Can Ground Leases Provide Equity Relief for Operators Navigating the COVID-19 Pandemic?
In a Q&A with NREI, Dan Amer, of Kawa Capital Management, talks about the pros and cons of ground lease transactions.
November 18, 2020 | Liz Wolf | National Real Estate Investor
As commercial real estate owners continue grappling with vacancies, decreased demand and uncertainty during the COVID-19 crisis, Miami-based investment manager Kawa Capital Management provides ground leases that the firm claims is an alternative financing vehicle that can help prevent further distress.
According to Kawa executives, ground leases are a reliable vehicle for property owners looking to free up liquidity and investors seeking to fund capital requirements. In ground lease transactions, real estate is seen as two separate assets: the land and the buildings. Investors with access to capital acquire the ground underlying a built asset or planned development, and then re-lease the land back to the owner/operator, offering an immediate cash infusion and some long-term predictability.

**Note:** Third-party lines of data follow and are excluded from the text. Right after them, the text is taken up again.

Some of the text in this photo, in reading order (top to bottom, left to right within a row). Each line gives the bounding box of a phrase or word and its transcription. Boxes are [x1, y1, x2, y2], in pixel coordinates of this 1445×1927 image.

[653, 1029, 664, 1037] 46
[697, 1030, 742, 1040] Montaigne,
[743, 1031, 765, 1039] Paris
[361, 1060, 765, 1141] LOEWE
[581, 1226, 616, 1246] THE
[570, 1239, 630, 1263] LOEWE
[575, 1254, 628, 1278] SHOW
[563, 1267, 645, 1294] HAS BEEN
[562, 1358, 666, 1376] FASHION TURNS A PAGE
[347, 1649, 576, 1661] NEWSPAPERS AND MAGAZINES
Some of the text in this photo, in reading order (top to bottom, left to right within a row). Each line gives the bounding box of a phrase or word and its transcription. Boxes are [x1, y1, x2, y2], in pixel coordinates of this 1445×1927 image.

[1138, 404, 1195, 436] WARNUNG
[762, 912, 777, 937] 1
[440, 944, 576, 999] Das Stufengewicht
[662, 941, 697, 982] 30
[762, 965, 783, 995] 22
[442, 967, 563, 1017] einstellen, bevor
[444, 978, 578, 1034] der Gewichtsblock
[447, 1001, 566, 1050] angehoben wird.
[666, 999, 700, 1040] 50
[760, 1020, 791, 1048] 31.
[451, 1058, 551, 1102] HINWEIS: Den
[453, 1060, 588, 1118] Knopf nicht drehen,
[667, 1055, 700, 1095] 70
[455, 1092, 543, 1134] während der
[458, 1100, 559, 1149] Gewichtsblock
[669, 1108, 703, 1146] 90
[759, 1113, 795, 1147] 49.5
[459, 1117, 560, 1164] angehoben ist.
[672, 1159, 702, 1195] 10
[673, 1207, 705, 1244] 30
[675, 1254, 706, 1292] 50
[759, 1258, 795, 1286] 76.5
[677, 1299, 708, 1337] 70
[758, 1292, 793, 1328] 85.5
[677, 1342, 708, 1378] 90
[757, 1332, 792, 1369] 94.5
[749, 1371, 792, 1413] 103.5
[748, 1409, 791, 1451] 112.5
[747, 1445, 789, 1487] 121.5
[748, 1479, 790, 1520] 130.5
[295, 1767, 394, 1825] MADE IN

While ground leases can be used to acquire land underneath different asset classes, Kawa has seen the highest increase in requests this year in the hardest-hit sectors of retail and hospitality. The office sector has also seen activity as Kawa completed a $237 million ground lease transaction with Brandywine Realty Trust in July. To date, the firm has completed 20 ground lease transactions totaling nearly $1 billion.